SLFN11 immunohistochemistry (IHC)

Three anti-SLFN11 antibodies (Supplementary Table 1) were screened at a range of concentrations and pH 6 and pH 9 retrievals. Final SLFN11 IHC protocol was performed on Leica BondRX; dewax, ER1(pH 6) retrieval 100 °C 25 min, SignalStain® diluent (CST) block 10 min, F standard protocol (Leica, Bond polymer-refine-detection), without post-primary, DAB enhancer. SLFN11 antibody ab121731 (Abcam), diluted in Dako antibody diluent with background reducing components was applied for 15 min at 2.5 µg/ml in human tissues or 0.5 µg/ml in xenografts. Negative diluent only or matched concentration rabbit IgG (Abcam) controls were used.

IHC pathology scoring

IHC slides were scanned at x20 on Aperio AT2 scanner (Leica). SLFN11 stained human tissues were evaluated by a pathologist for H-score, percentage positive SLFN11 and sub-clonality. H-score is calculated by estimating the proportion of stained tumour cells and the intensity of cell staining (grouped as 0, 1 + , 2+ or 3+ for negative, weak, intermediate and strong staining respectively) and applying the calculation H-score = (%1 + x 1)+(%2 + x 2)+(%3 + x 3) to produce a value between 0 and 300, where 300 is equal to 100% of cells with 3+ staining. Samples were excluded if internal control staining of stromal/endothelial cells was below IHC intensity 2 + . The pathologist was blinded to clinical outcomes during the scoring process.

Ki67 immunohistochemistry (IHC)

Ki67 IHC was performed on the Labvision autostainer (ThermoFisher), deparaffinization in xylene and alcohol, pH 6 antigen retrieval 110 °C 5 min, 3% hydrogen peroxide and serum-free protein block (Dako). Primary antibody anti-Ki67 (Dako M7240) was diluted 1:100 in Dako antibody diluent. Detection used Dako envision + /HRP and DAB + (Dako). Carazzi’s haematoxylin counterstain. Percentage positive cells were quantified in the tumour regions by a pathologist.

Animal studies

Xenografts were generated by the growth of DU145 or HT29 cell lines in nude mouse models.
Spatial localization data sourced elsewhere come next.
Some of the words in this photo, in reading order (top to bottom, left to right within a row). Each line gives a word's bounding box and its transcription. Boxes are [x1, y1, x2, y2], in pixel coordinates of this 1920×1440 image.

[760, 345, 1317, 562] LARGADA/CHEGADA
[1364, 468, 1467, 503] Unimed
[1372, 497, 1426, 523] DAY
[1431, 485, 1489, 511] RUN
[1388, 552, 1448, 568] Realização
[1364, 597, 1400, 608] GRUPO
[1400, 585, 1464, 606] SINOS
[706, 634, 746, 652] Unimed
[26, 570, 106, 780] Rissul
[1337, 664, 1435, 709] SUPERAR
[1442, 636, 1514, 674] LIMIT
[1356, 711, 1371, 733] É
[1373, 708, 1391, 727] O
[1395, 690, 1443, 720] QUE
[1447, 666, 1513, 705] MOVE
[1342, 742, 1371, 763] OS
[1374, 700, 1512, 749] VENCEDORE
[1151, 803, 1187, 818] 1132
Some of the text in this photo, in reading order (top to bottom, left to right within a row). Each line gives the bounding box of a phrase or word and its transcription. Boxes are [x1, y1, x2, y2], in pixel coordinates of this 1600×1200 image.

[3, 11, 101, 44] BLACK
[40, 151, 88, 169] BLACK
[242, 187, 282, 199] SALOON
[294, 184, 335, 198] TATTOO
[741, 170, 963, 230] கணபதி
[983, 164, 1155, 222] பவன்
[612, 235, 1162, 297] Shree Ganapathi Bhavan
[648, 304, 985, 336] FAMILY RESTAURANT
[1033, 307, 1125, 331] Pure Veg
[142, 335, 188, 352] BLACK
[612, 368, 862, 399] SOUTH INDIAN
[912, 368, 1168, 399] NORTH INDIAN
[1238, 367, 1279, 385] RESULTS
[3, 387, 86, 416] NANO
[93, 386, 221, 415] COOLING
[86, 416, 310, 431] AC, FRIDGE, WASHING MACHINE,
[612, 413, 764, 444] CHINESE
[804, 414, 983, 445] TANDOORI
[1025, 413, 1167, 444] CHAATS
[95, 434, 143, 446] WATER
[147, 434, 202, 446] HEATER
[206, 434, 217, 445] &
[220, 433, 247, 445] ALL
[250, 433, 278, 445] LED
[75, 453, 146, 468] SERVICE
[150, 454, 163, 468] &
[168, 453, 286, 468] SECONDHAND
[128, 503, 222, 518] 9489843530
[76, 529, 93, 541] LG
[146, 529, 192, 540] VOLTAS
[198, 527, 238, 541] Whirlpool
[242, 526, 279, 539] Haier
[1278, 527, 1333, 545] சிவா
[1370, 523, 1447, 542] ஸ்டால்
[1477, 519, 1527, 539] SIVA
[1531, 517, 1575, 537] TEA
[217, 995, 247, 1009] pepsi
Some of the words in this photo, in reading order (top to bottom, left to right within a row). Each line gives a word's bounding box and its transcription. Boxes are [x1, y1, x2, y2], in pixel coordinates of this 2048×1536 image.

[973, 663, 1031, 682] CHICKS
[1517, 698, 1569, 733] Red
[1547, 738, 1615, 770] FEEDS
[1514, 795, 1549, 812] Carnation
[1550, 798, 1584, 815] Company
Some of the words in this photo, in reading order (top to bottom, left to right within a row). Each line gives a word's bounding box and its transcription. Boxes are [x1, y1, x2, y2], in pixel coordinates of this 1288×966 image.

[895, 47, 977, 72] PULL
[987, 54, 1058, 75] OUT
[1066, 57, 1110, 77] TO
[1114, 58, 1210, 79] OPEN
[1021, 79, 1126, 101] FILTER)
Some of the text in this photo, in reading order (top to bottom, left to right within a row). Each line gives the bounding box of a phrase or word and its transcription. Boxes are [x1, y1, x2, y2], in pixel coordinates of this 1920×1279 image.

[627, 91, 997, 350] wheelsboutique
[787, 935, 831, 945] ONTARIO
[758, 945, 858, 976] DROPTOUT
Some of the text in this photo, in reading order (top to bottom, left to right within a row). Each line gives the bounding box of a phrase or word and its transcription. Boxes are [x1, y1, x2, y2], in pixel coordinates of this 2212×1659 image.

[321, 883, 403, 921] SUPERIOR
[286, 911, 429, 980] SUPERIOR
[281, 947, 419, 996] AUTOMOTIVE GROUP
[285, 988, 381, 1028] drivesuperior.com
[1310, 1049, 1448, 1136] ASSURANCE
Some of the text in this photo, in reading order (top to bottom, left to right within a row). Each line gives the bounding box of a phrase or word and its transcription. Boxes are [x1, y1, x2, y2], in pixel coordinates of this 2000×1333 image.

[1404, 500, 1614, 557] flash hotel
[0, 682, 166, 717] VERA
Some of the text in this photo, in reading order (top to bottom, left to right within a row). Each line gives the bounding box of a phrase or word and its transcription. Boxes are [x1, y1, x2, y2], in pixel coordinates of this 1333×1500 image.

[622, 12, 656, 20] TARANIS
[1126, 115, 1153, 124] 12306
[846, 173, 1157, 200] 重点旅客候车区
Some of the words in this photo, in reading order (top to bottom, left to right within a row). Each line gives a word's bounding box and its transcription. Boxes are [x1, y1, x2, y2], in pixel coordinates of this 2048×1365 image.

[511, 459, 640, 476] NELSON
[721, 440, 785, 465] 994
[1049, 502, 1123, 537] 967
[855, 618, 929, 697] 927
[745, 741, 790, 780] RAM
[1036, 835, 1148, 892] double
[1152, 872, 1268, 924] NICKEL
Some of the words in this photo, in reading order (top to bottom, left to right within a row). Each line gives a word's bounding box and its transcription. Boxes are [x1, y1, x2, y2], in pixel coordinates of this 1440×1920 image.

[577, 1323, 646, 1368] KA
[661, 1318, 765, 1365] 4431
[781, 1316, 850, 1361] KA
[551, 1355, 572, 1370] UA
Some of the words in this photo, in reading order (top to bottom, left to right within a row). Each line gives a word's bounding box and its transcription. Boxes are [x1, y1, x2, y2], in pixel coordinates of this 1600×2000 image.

All studies were run in the UK and in accordance with AstraZeneca Global Bioethics Policy, UK Home Office legislation and Animal Scientific Procedures Act 1986.

Human tissues

SLFN11 expression was evaluated using multi-normal (Supplementary Table 2), multi-tumour and colorectal tumour-specific (Supplementary Table 3) tissue microarrays (TMAs) obtained from Tristar. A set of breast cancer (n = 7) and platinum-resistant high-grade serous ovarian carcinoma (n = 7) resection specimens were obtained from Asterand.

A cohort of SCLC patients, selected on the availability of surgically resected FFPE material and clinical follow-up data were obtained, with appropriate patient consent and ethical approval, from Tristar, Avaden Biosciences, Nottingham hospital, Asterand, Cureline, TransHit, Proteogenix. Supplementary Tables 4–8 list the vendor-provided demographic details of 124 SCLC patients and 110 high-grade serous ovarian cancer (HGSOC) patients from Study19 (NCT00753545) randomised Phase II olaparib trial. All Study19 samples were presented in a tissue microarray (TMA) format [19]. Samples from 34 HGSOC patients with extremely good (n = 17) or poor (n = 17) responses to first-line carboplatin-plus-paclitaxel were provided by Dr. Johanne Weberpals [20]. All human tissue samples were obtained under AstraZeneca’s global bioethics policy (https://www.astrazeneca.com/content/dam/az/our-company/Documents/Bioethics-Policy.pdf).

Cell culture

DU145 cells (DSMZ) and DU145 CRISPR-Cas-9 SLFN11 knock-out cell line generated by AstraZeneca (Oncology Bioscience UK) cultured in EMEM media with 10% foetal bovine serum (ATCC). Identities were verified by short tandem repeat analysis and mycoplasma screened. Cells were processed into formalin-fixed paraffin-embedded (FFPE) blocks as described in [21].

Western blot

Cells were lysed in RIPA lysis buffer (ThermoFisher) with phosphatase and protease inhibitors (Sigma). Protein quantification by BCA assay (ThermoFisher). Protein electrophoresis on 4–12% Bis-Tris MidiGel (LifeTech), transferred to a nitrocellulose membrane (iBLOT), blocked in 5% milk in TBS-T (0.05%) and probed for anti-SLFN11 (ab121731, Abcam, 1:1000 dilution) and GAPDH loading control (14C10, CST, 1:3000 dilution). Detection by HRP-linked goat anti-rabbit secondary antibodies, SuperSignal WestDura ECL detection reagents (ThermoFisher) and standard film.

RNA in situ hybridisation

In situ detection of SLFN11 mRNA transcripts was performed using the RNAScope LS Red Kit (Advanced Cell Diagnostics) according to the manufacturer’s protocol [22]. Signal visualised using Bond Polymer Refine Red Kit (Leica). Positive (PPIB) and negative (DapB) control probes were used.

Mass spectrometry

Mass spectrometry carried out at Oncoplex using 10-µm FFPE sections. Tumour extracted using laser capture microdissection, trypsin digested and unique control isotopically labelled tryptic peptides for SLFN11 were added. Samples were run on a triple quadrupole LC/MS/MS, and the ratio of patient endogenous peptide to control isotopically labelled peptide provided quantitative protein concentration. An SLFN11-positive sample was defined as any sample with a value above the limit of quantification.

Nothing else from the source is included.